To formulate and characterize insulin-loaded adhesive microspheres (MP) and evaluate drug effects of MP with various sizes, 120, 350, and 1000 nm in diameter, in the alloxan-induced diabetic rats.

METHODS

Insulin-loaded MP were formulated by an ionotropic gelation procedure. Particle size distributions were determined by photon correlation spectroscopy and optical microscopy. The factors that influenced the particle sizes and loading capacity were investigated, and the release properties were assessed in vitro. The hypoglycemic effect was investigated by monitoring the plasma glucose level of the alloxan-induced diabetic rats after oral administration.

RESULTS

All the MPs with three sizes formulated were in the desired size range, and the loading capacity was 15.3 %+/-1.7 % (120 nm), 32.4 %+/-2.4 % (350 nm), and 53.3 %+/-2.7 % (1000 nm) respectively.
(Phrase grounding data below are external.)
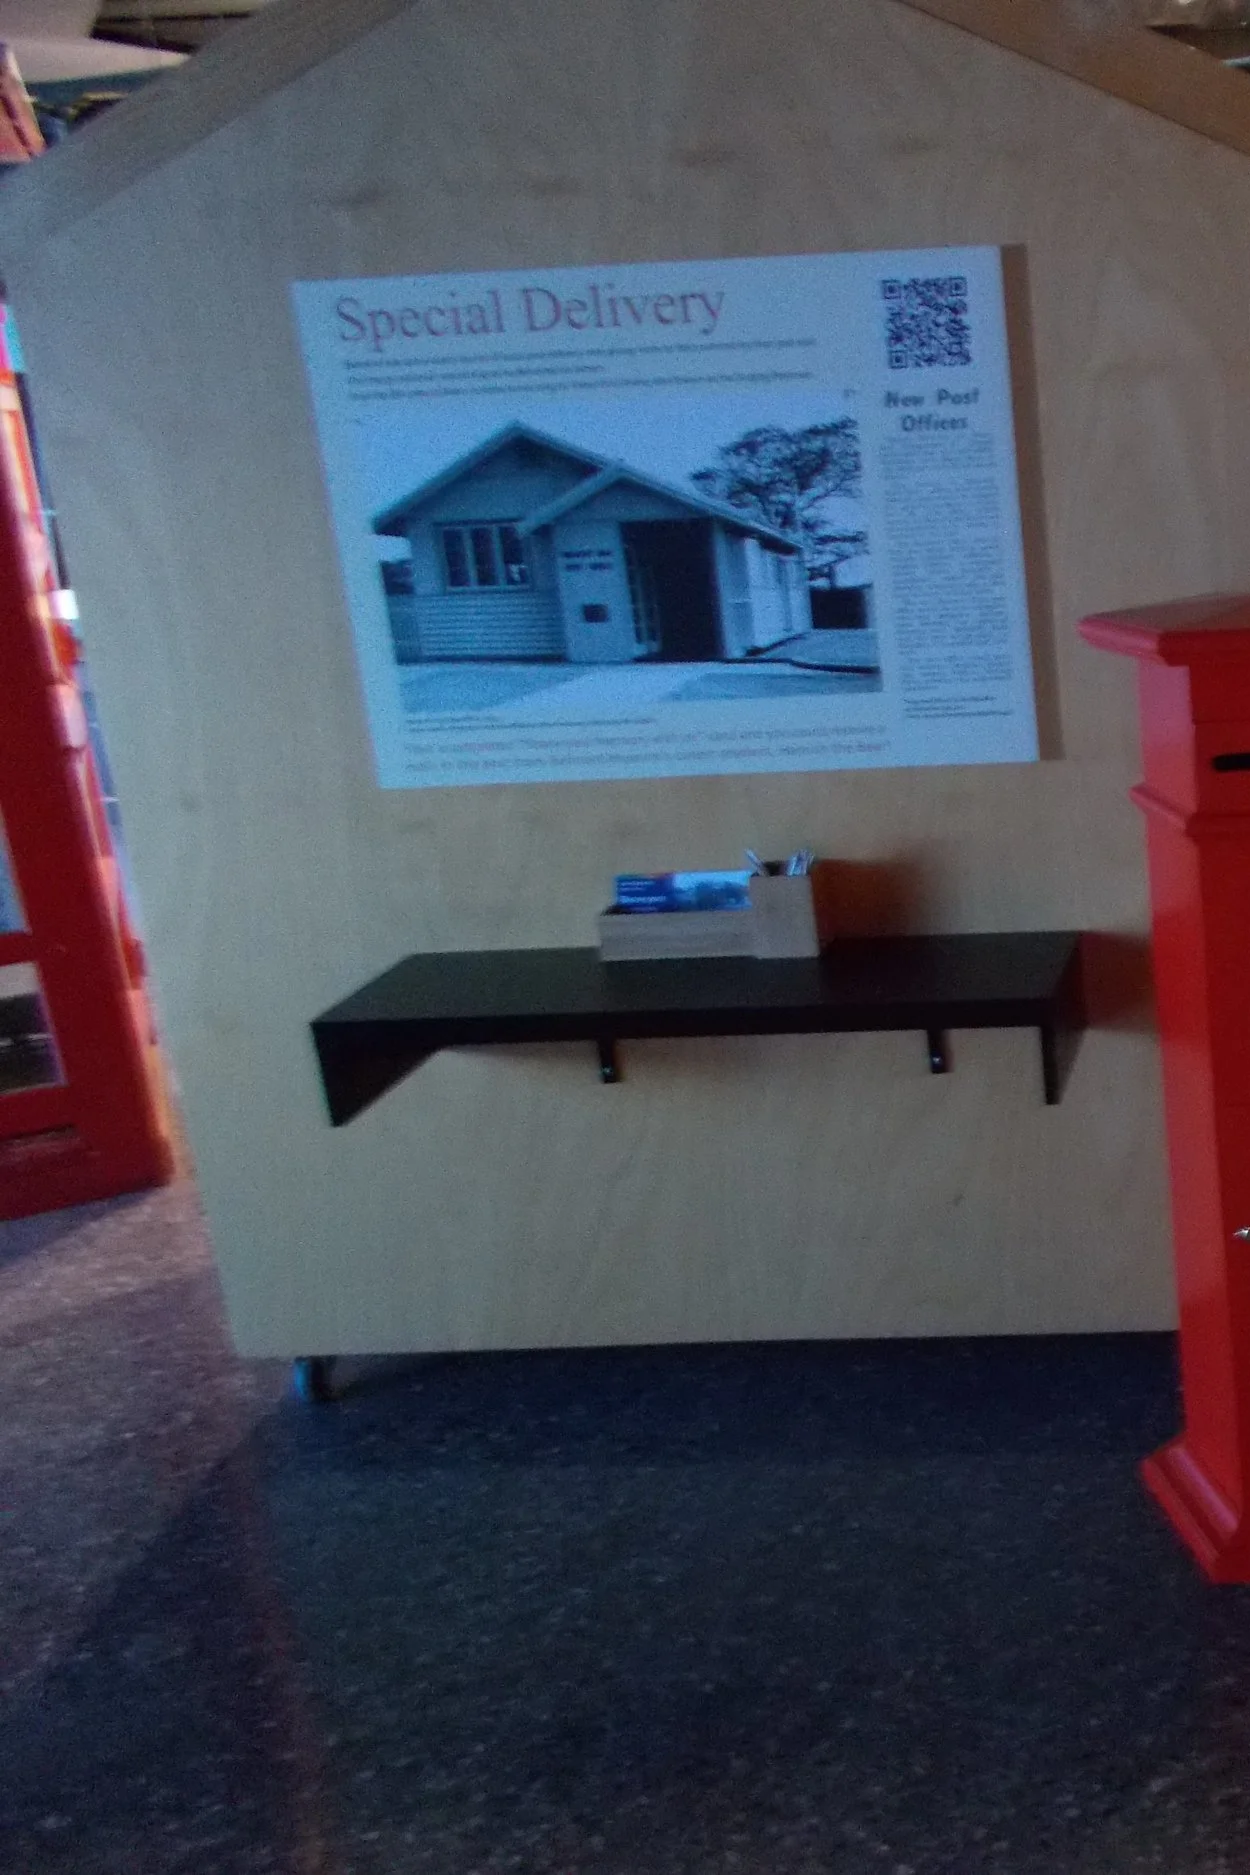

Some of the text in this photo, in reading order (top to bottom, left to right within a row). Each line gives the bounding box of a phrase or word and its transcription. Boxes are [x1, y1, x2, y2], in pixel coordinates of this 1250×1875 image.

[335, 294, 507, 354] Special
[521, 281, 725, 336] Delivery
[884, 387, 979, 408] New Post
[901, 414, 968, 431] Offices
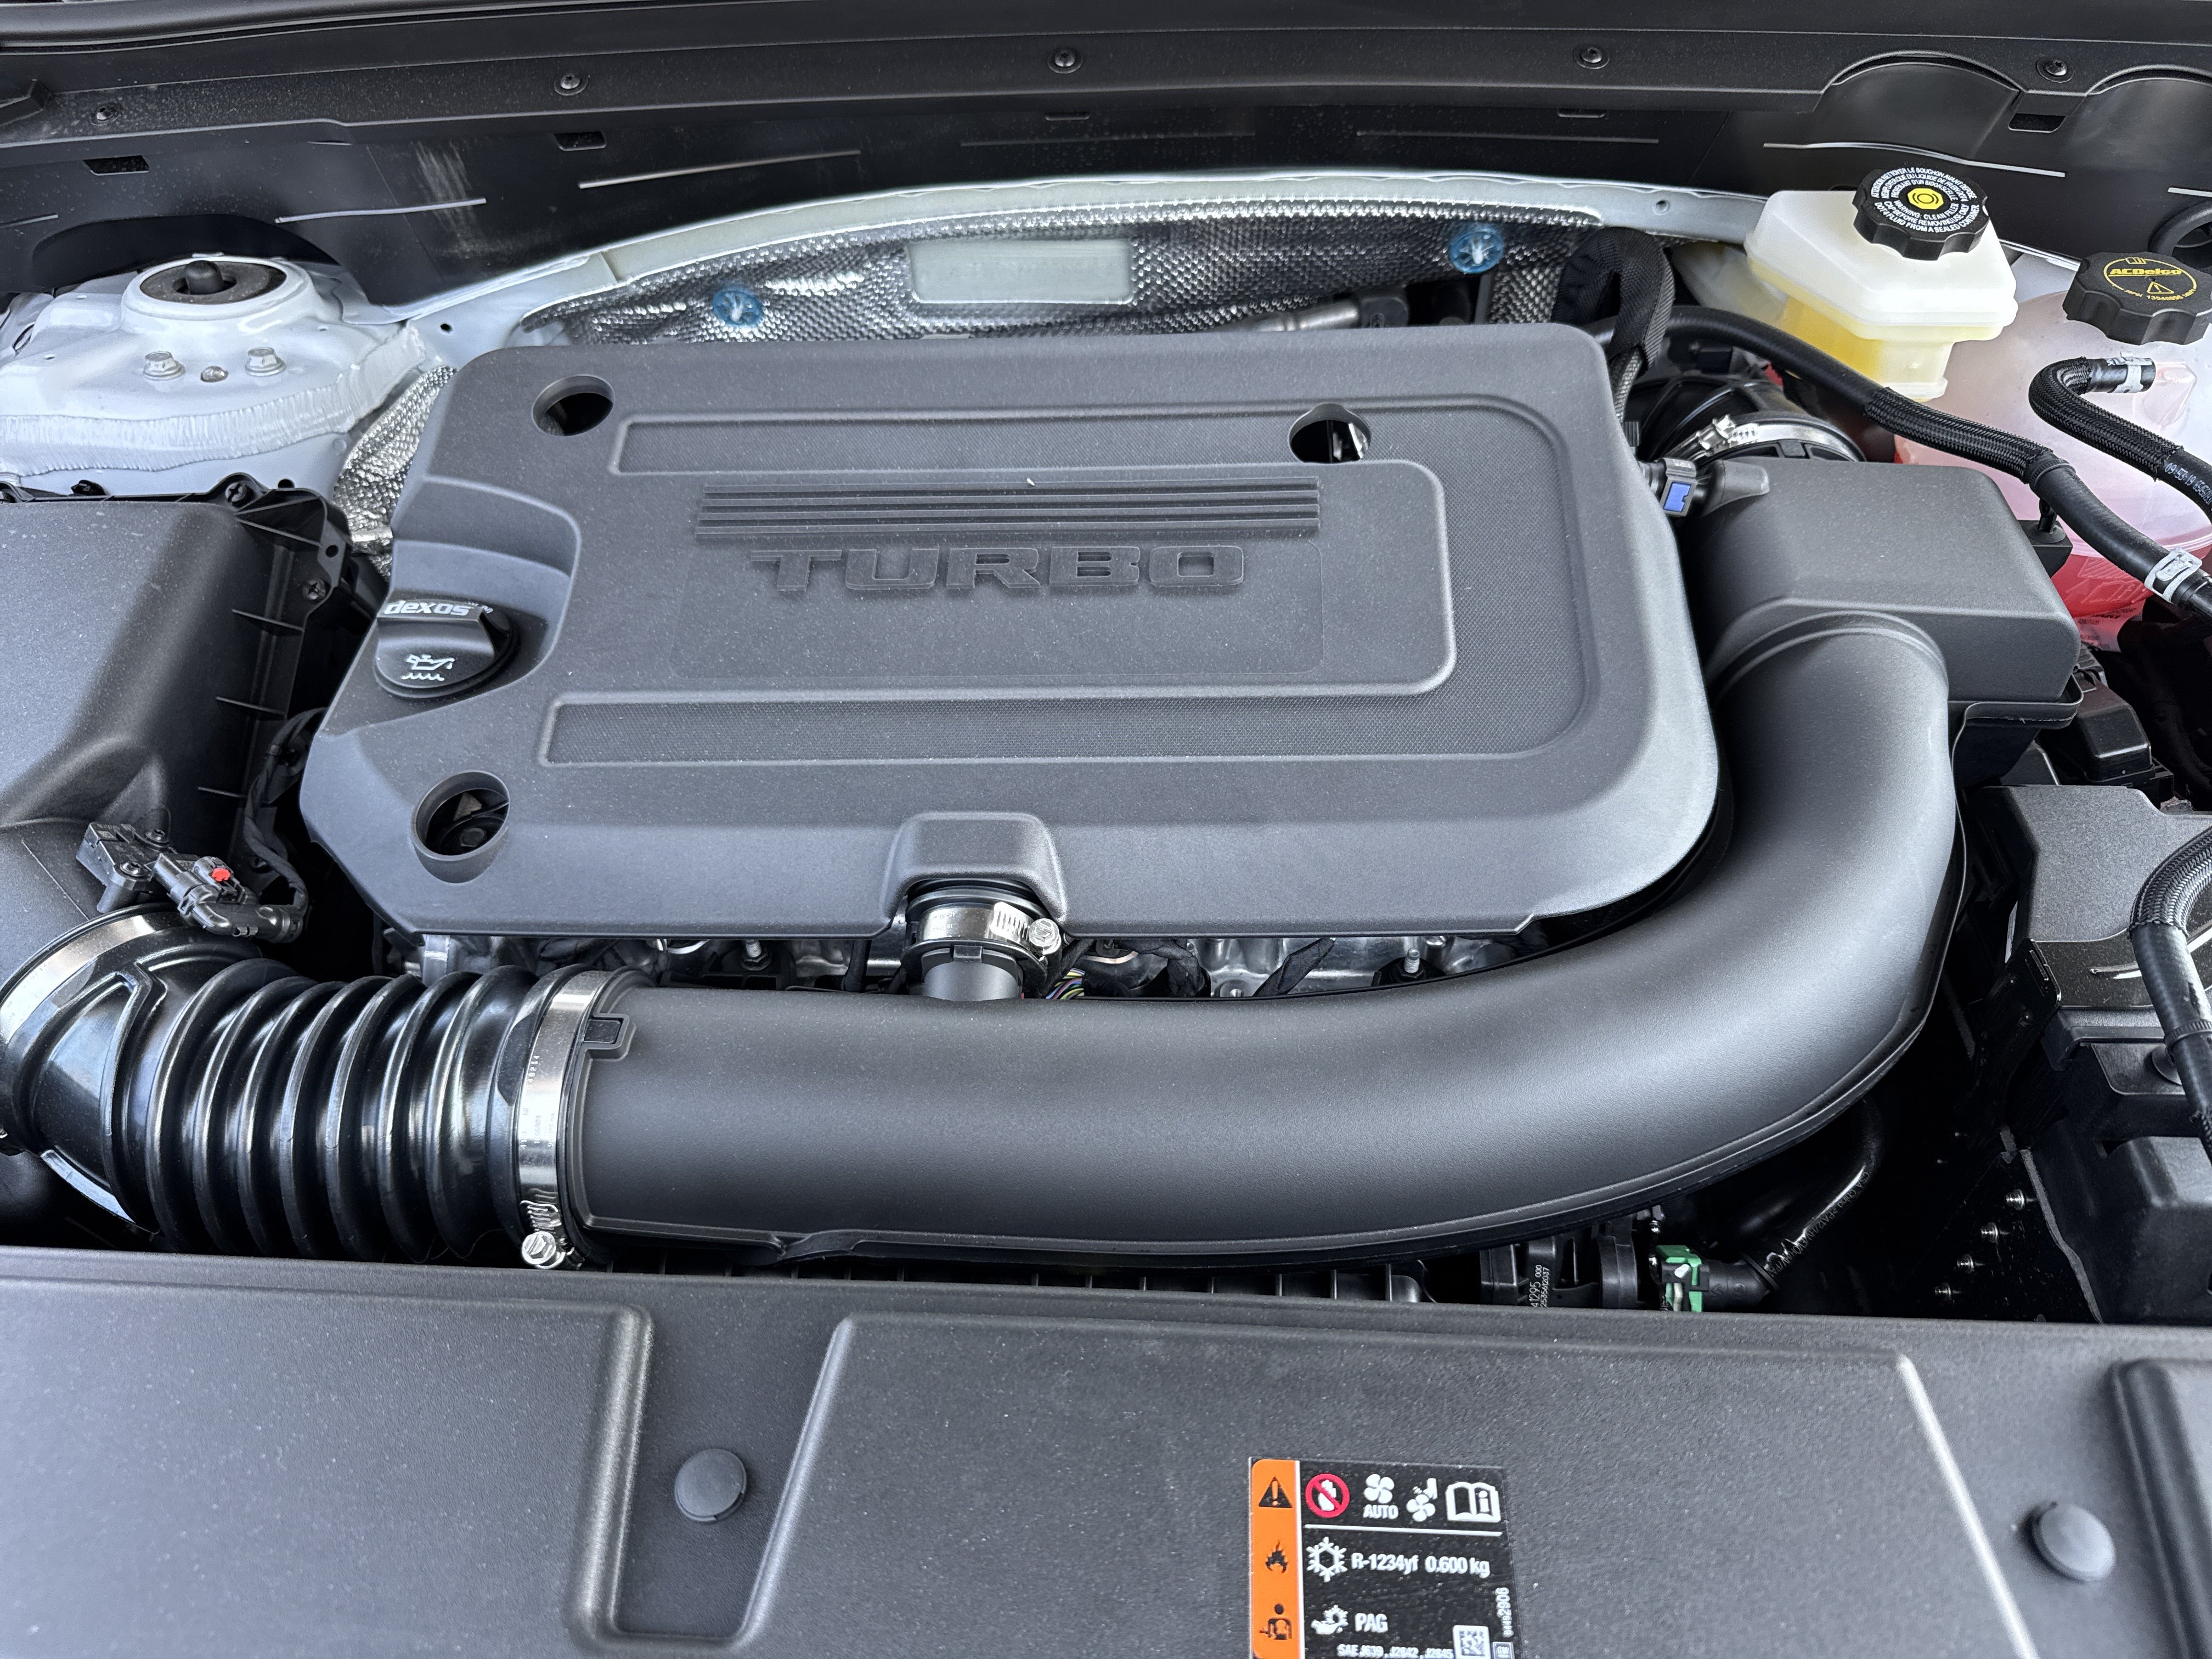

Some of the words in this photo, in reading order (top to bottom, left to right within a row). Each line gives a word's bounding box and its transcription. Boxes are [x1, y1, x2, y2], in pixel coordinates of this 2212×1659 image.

[1915, 173, 1938, 182] LIQUIDE
[1944, 181, 1961, 192] FREIN
[1916, 167, 1945, 177] BOUCHON
[1943, 174, 1963, 185] AVANT
[1883, 201, 1897, 210] CAP
[1892, 209, 1918, 224] BEFORE
[1918, 218, 1954, 226] REMOVING
[1953, 213, 1964, 222] USE
[1959, 204, 1970, 215] ONLY
[1944, 203, 1959, 217] FILLER
[1886, 213, 1906, 225] FLUID
[1905, 222, 1927, 232] FROM
[1934, 224, 1960, 233] SEALED
[750, 546, 1244, 591] TURBO
[1363, 1504, 1399, 1520] AUTO
[1351, 1553, 1419, 1575] R-1234yf
[1425, 1555, 1468, 1575] 0.600
[1470, 1557, 1491, 1579] kg
[1355, 1612, 1388, 1633] PAG
[1337, 1644, 1359, 1657] SAE
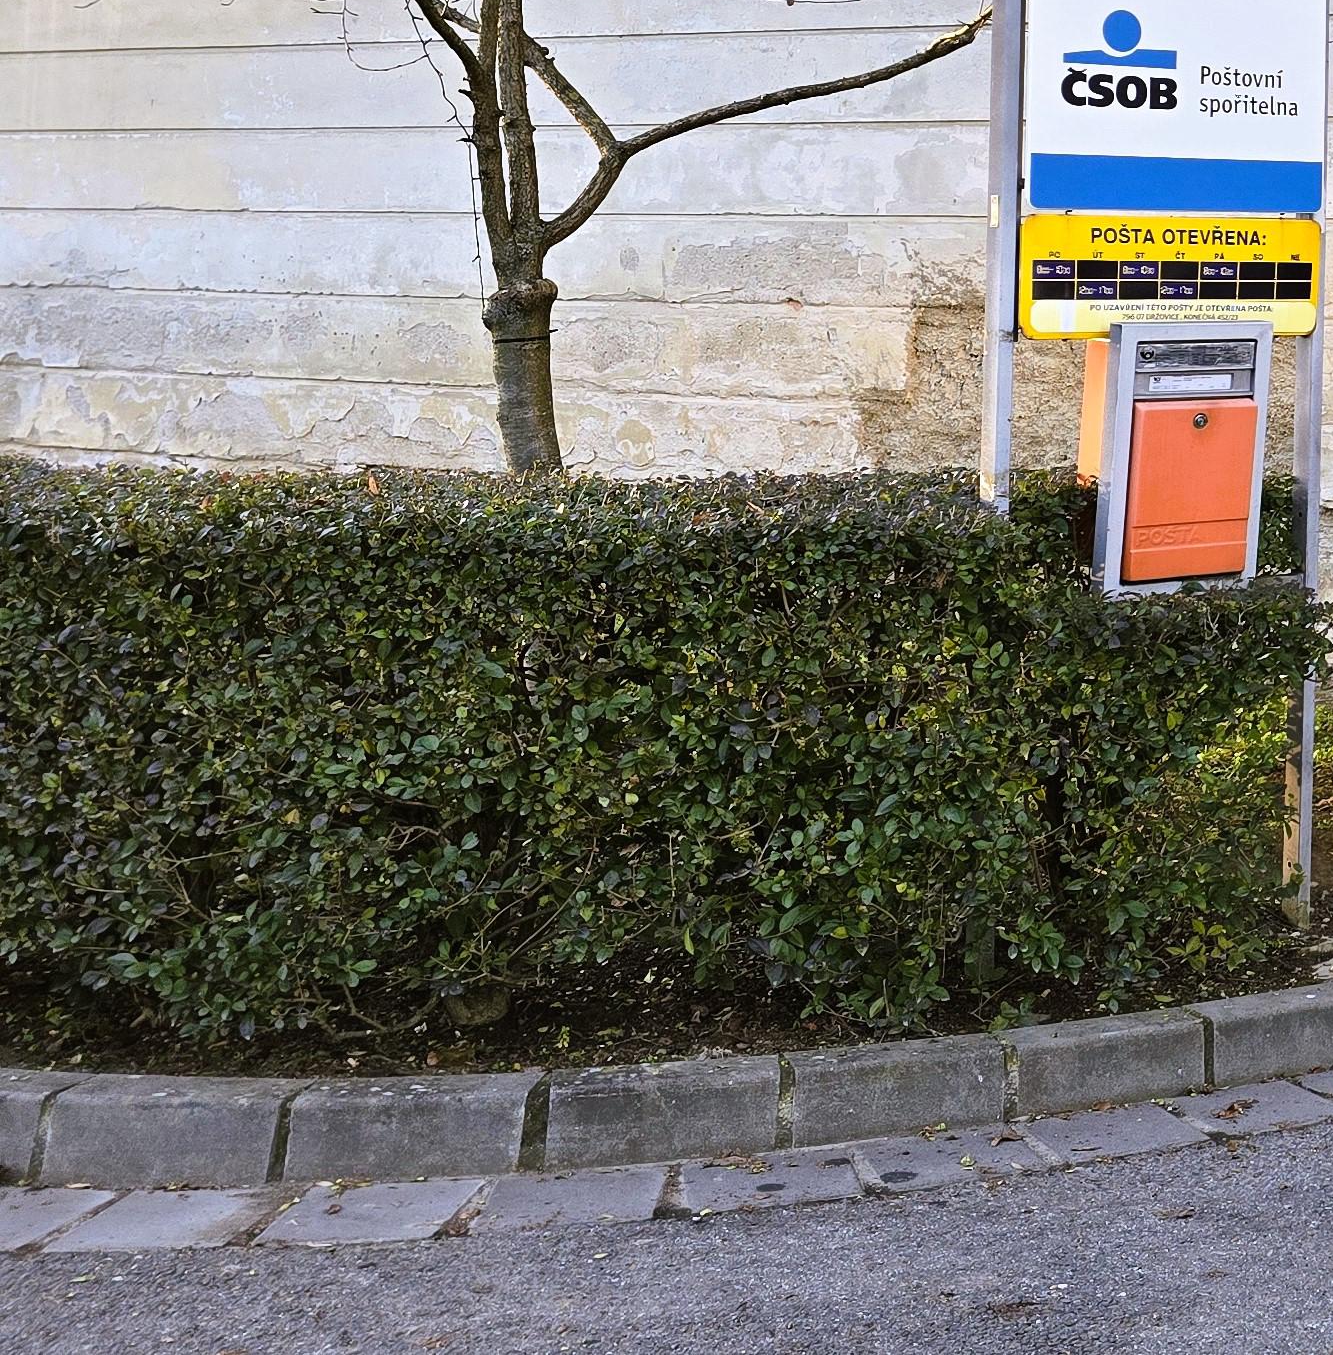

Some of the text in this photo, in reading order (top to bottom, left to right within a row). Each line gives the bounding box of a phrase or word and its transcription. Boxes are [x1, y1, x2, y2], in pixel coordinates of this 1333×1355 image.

The particle size also had an influence on the release property of the MPs. Half an hour later, 25 %+/-4 % (120 nm), 18.3 %+/-2.4 % (350 nm), and 8.6 %+/-1.3 % (1000 nm) of insulin were released. MP with different sizes had various degree of hypoglycemic effects after 10 h (P<0.05 vs control insulin solution). The plasma glucose level of 350 nm size particles remarkably decreased 15 h later (P<0.05 vs 120 nm) or 35 h later (P<0.01 vs others). The relative pharmacological availability was 10.2 %+/-0.5 % (120 nm), 14.9 %+/-1.3 % (350 nm), and 7.3 %+/-0.8 % (1000 nm) respectively. Particles of 350 nm showed a comparatively higher availability (P<0.05).

CONCLUSION

Adhesive CS-MP were helpful in increasing the relative pharmacological bioavailability of insulin, and a distinct advantage of proper particle size helped to increase the drug effects.